This Date in IT History Oct

By Daniel J. Horgan
Tue, October 01, 2002

CIO — 1 ICANN, the Internet Corporation for Assigned Numbers and Names, assumes responsibility for coordinating the domain naming system in 1998. ICANN registers top-level domains such as .com, .org, .net and varieties of other dots.

2 The Electronic Numerical Integrator and Computer (ENIAC), one of the first digital computers, shuts down in 1955. Commissioned in 1943 by the Army’s Ballistics Research Laboratory to produce firing and bombing tables during World War II, ENIAC was finally ready for operation in 1946?months after the war ended.

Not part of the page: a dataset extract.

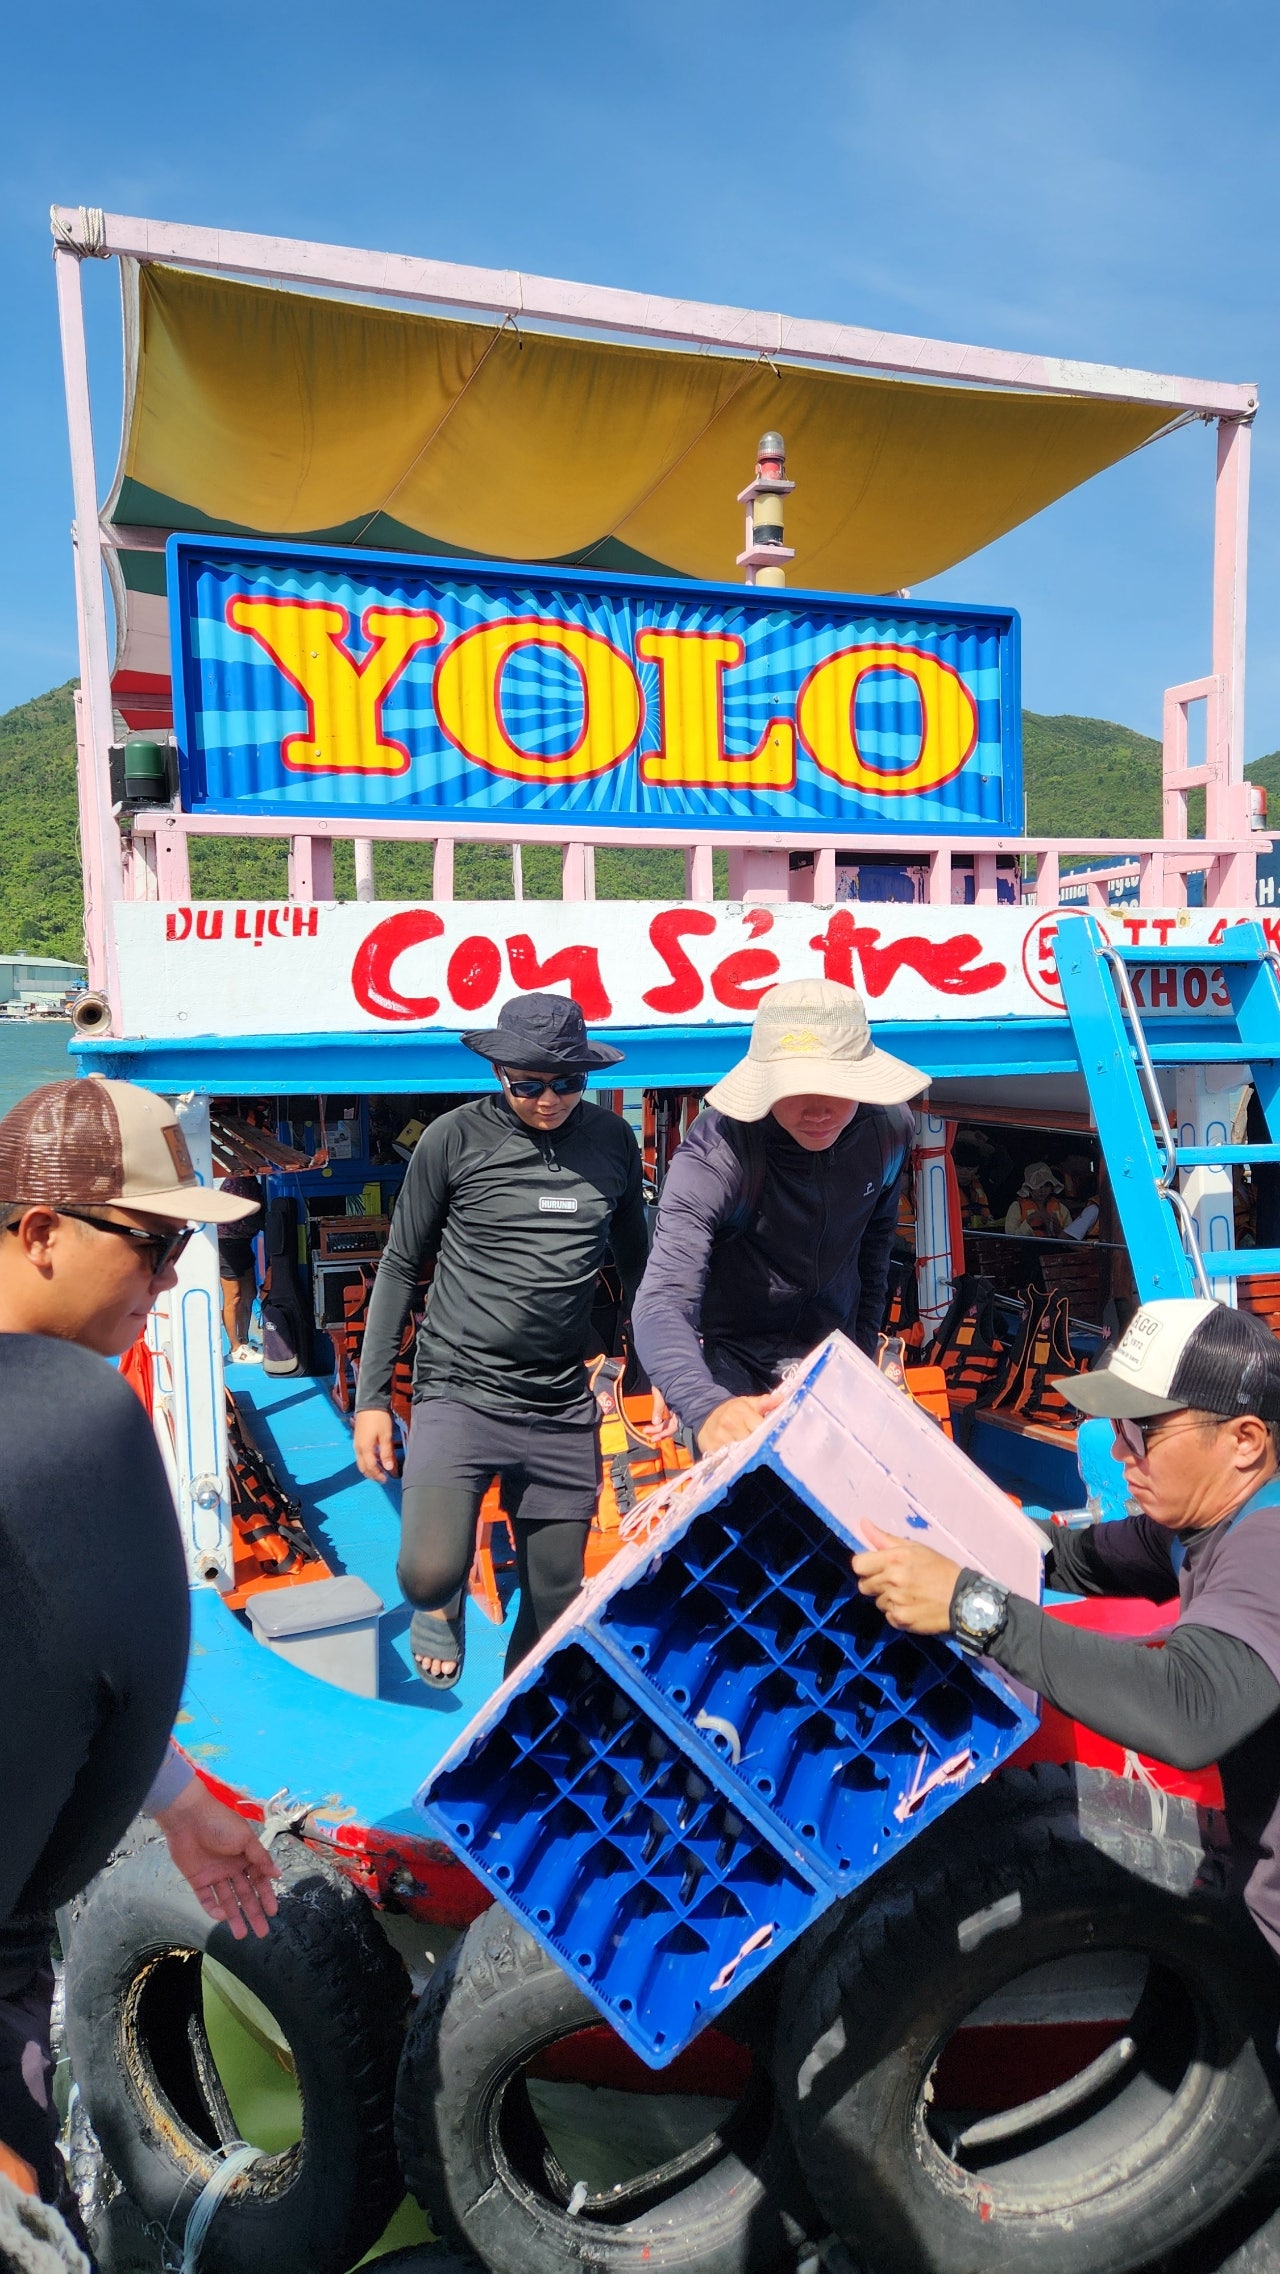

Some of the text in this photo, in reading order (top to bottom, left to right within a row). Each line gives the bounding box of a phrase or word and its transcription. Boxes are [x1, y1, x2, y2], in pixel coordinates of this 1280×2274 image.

4 The Soviets launch the satellite Sputnik from Kazakhstan in 1957, making it the first man-made object to enter space. Sputnik orbited 500 miles above the earth for about three months and initiated the space race.

6 Seymour Cray, who introduced the first supercomputer in 1976, dies in a car accident in 1996. The Cray 1 could calculate 240 million arithmetic operations per second.

9 Alexander Graham Bell, in 1876, conducted the first telephone conversation over outdoor telegraph lines. Bell, in Boston, was talking to his assistant Thomas Watson, who was two miles away in Cambridge, Mass.

13 Spreadsheet Lotus 1-2-3 is unveiled in 1982 and quickly becomes the leading spreadsheet. Roughly 1-2-3 years later, in 1985, Microsoft introduced its rival Excel spreadsheet.

15 The first radio paging service starts in 1950. Twenty-five miles outside New York City, a doctor on a golf course receives the first page via a six-ounce receiver in his pocket, thus paving the way for beepers of the future.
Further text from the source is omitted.